**WHAT YOU WILL DO:**
Everything in the entries except the pictures must be duplicated exactly.

**ENTRIES SUPPLIED:**
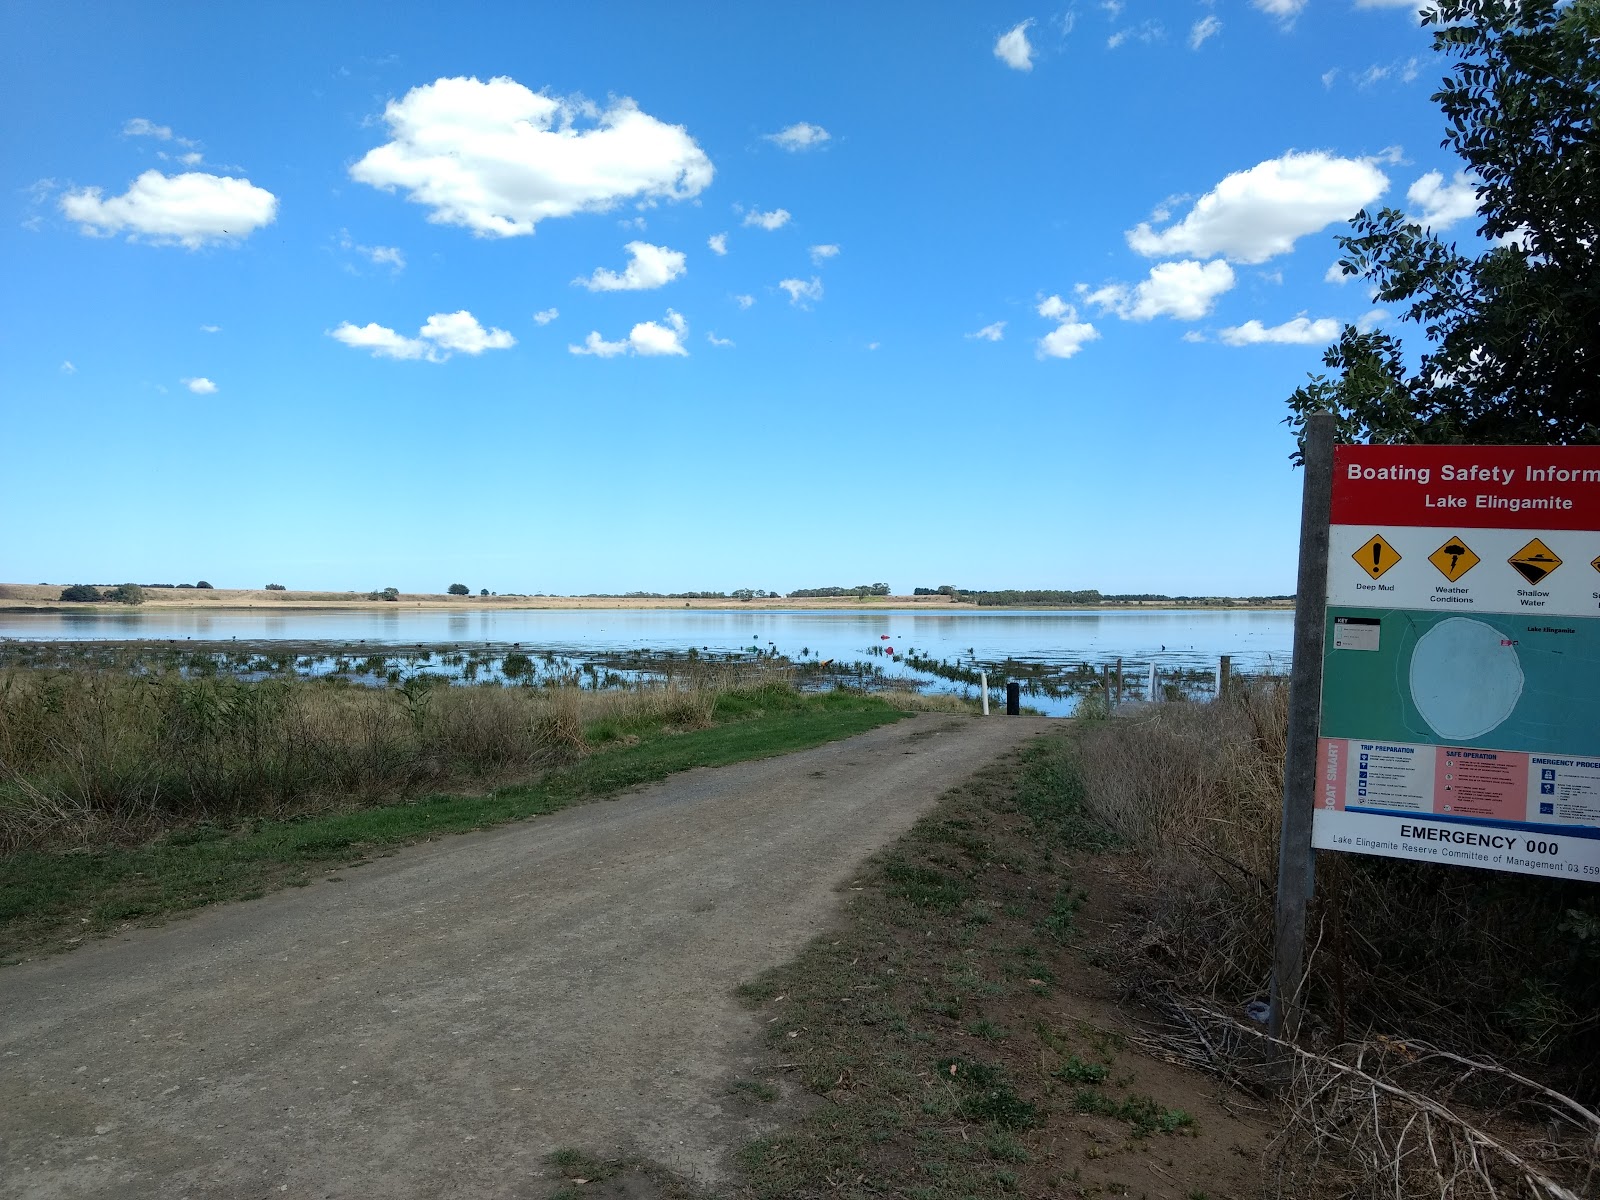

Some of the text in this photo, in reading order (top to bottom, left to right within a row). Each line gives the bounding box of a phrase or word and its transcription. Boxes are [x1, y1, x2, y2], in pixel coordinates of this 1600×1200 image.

[1347, 463, 1430, 485] Boating
[1440, 464, 1515, 486] Safety
[1425, 494, 1573, 512] Lake Elingamite
[1356, 583, 1395, 592] Deep Mud
[1435, 586, 1470, 594] Weather
[1517, 589, 1550, 597] Shallow
[1429, 595, 1474, 604] Conditions
[1520, 599, 1546, 607] Water
[1375, 745, 1415, 754] PREPARATION
[1446, 750, 1497, 760] SAFE OPERATION
[1327, 743, 1339, 781] SMART
[1532, 757, 1574, 767] EMERGENCY
[1400, 824, 1559, 856] EMERGENCY 000
[1332, 834, 1352, 845] Lake
[1356, 837, 1398, 850] Elingamite
[1402, 842, 1438, 855] Reserve
[1441, 847, 1489, 862] Committee
[1493, 854, 1502, 863] of
[1506, 856, 1563, 871] Management
[1583, 865, 1600, 875] 559
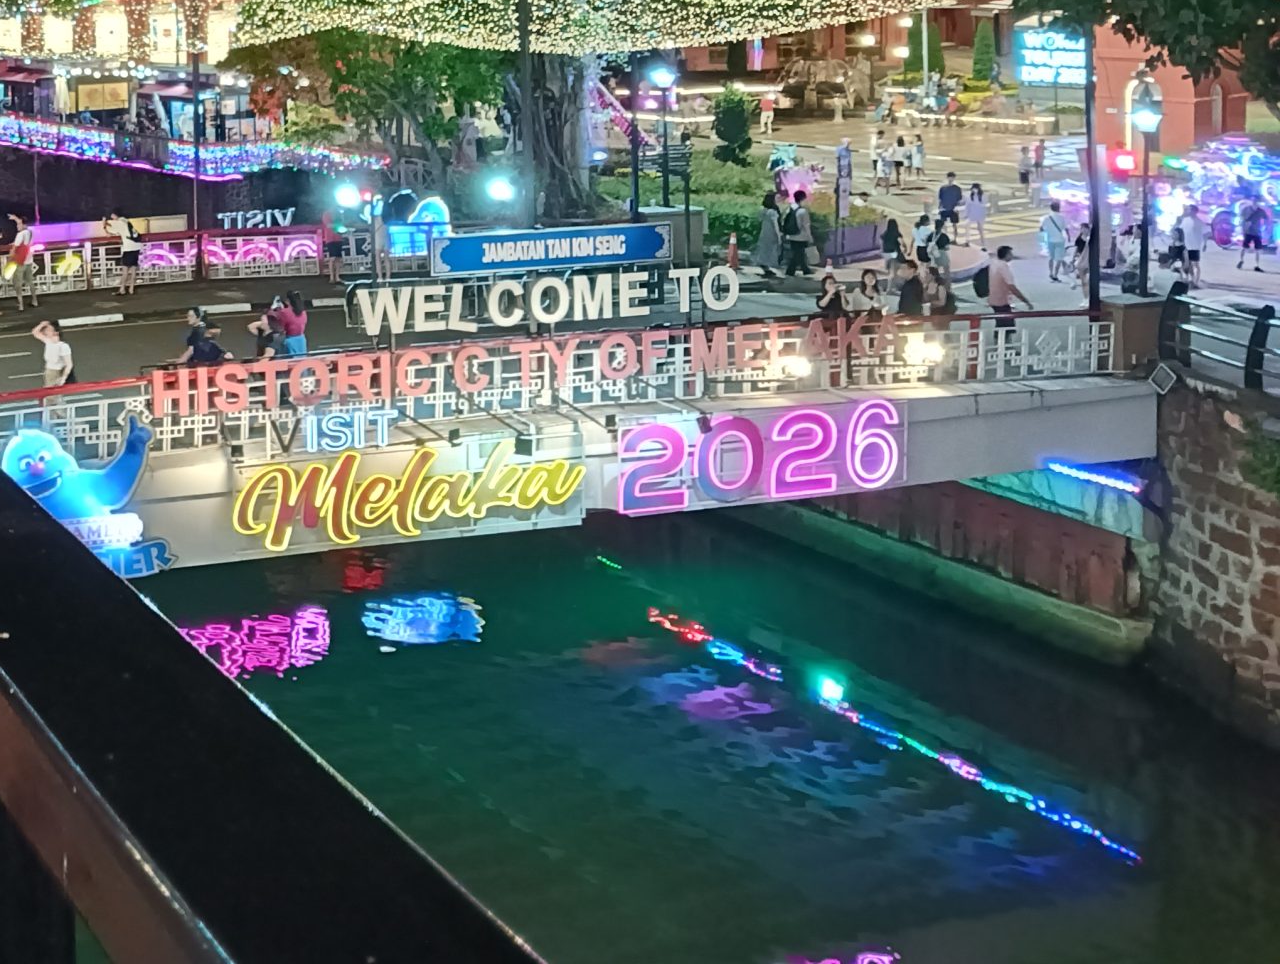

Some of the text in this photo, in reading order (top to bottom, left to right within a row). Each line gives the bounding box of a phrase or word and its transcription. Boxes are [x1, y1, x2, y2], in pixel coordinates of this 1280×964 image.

[482, 235, 626, 263] JAMBATAN TAN KIM SENG
[356, 265, 740, 336] WELCOME TO
[152, 350, 432, 418] HISTORIC
[453, 337, 581, 393] CTY
[599, 330, 670, 380] OF
[270, 410, 398, 455] VISIT
[232, 399, 899, 552] Melaka 2026
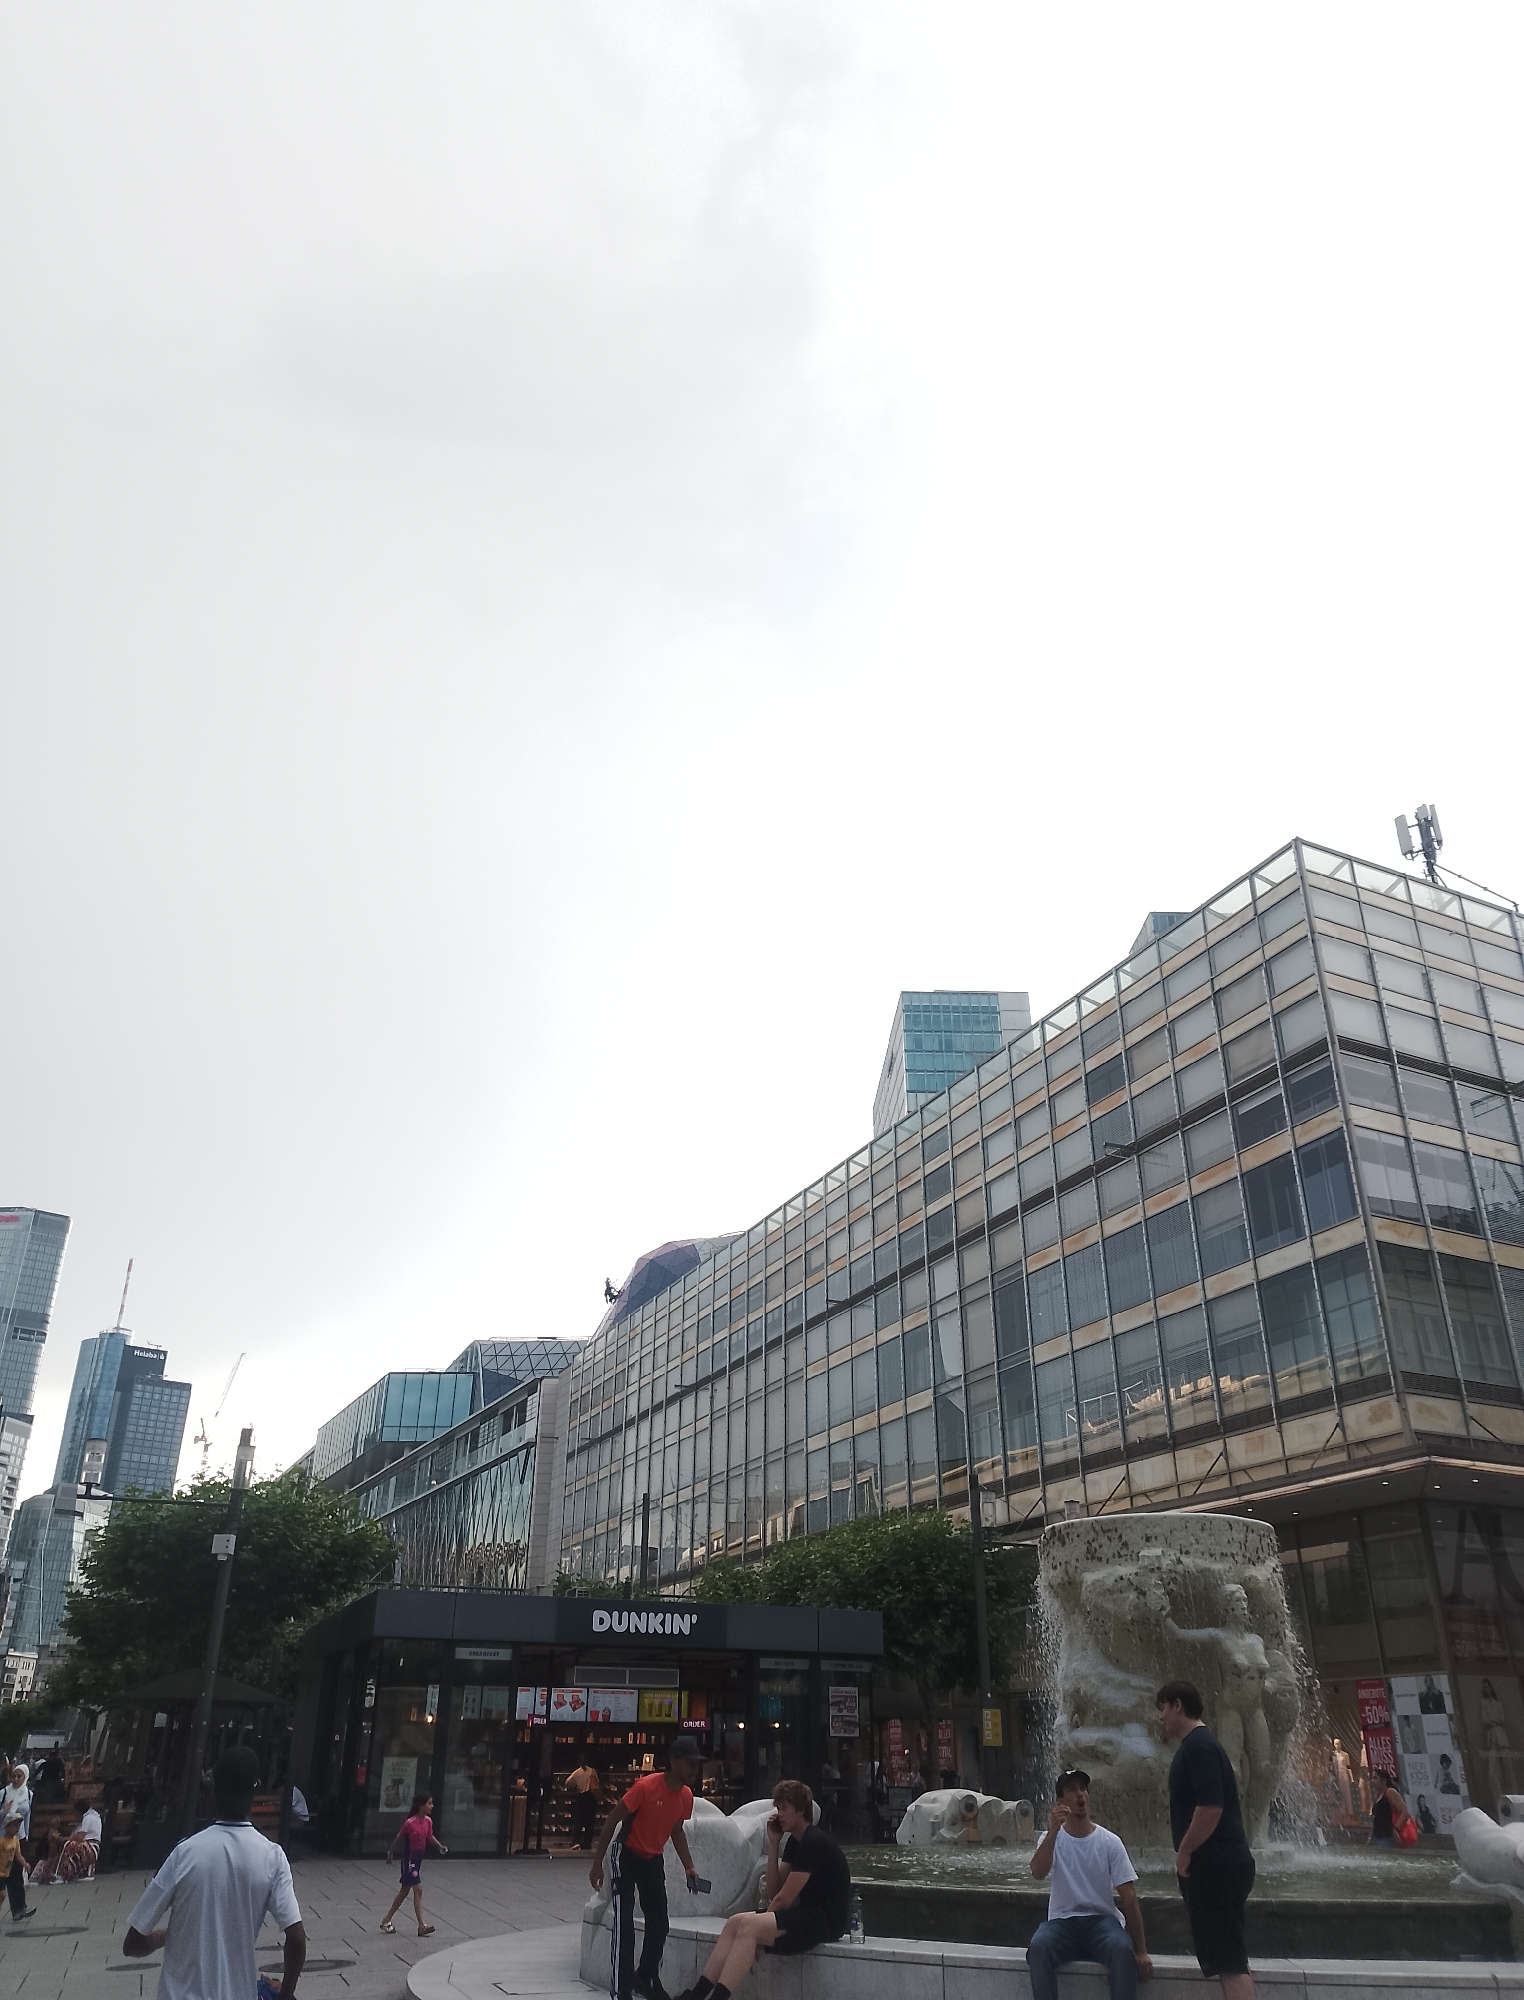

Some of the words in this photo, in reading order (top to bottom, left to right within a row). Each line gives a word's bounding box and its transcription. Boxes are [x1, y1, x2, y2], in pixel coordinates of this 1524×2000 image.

[134, 1349, 157, 1359] Helaba
[592, 1609, 697, 1635] DUNKIN'
[1358, 1687, 1386, 1699] ANGEBOTE
[1361, 1705, 1390, 1725] -50%
[683, 1720, 705, 1728] ORDER
[1368, 1736, 1392, 1750] ALLES
[1369, 1749, 1394, 1764] MUSS
[1410, 1770, 1429, 1781] KIDS

**SOLUTION FOR THIS EXERCISE:**
Some of the text in this photo, in reading order (top to bottom, left to right within a row). Each line gives the bounding box of a phrase or word and its transcription. Boxes are [x1, y1, x2, y2], in pixel coordinates of this 1600×1200 image.

[1347, 463, 1430, 485] Boating
[1440, 464, 1515, 486] Safety
[1425, 494, 1573, 512] Lake Elingamite
[1356, 583, 1395, 592] Deep Mud
[1435, 586, 1470, 594] Weather
[1517, 589, 1550, 597] Shallow
[1429, 595, 1474, 604] Conditions
[1520, 599, 1546, 607] Water
[1375, 745, 1415, 754] PREPARATION
[1446, 750, 1497, 760] SAFE OPERATION
[1327, 743, 1339, 781] SMART
[1532, 757, 1574, 767] EMERGENCY
[1400, 824, 1559, 856] EMERGENCY 000
[1332, 834, 1352, 845] Lake
[1356, 837, 1398, 850] Elingamite
[1402, 842, 1438, 855] Reserve
[1441, 847, 1489, 862] Committee
[1493, 854, 1502, 863] of
[1506, 856, 1563, 871] Management
[1583, 865, 1600, 875] 559

Some of the text in this photo, in reading order (top to bottom, left to right within a row). Each line gives the bounding box of a phrase or word and its transcription. Boxes are [x1, y1, x2, y2], in pixel coordinates of this 1280×964 image.

[482, 235, 626, 263] JAMBATAN TAN KIM SENG
[356, 265, 740, 336] WELCOME TO
[152, 350, 432, 418] HISTORIC
[453, 337, 581, 393] CTY
[599, 330, 670, 380] OF
[270, 410, 398, 455] VISIT
[232, 399, 899, 552] Melaka 2026

Some of the words in this photo, in reading order (top to bottom, left to right within a row). Each line gives a word's bounding box and its transcription. Boxes are [x1, y1, x2, y2], in pixel coordinates of this 1524×2000 image.

[134, 1349, 157, 1359] Helaba
[592, 1609, 697, 1635] DUNKIN'
[1358, 1687, 1386, 1699] ANGEBOTE
[1361, 1705, 1390, 1725] -50%
[683, 1720, 705, 1728] ORDER
[1368, 1736, 1392, 1750] ALLES
[1369, 1749, 1394, 1764] MUSS
[1410, 1770, 1429, 1781] KIDS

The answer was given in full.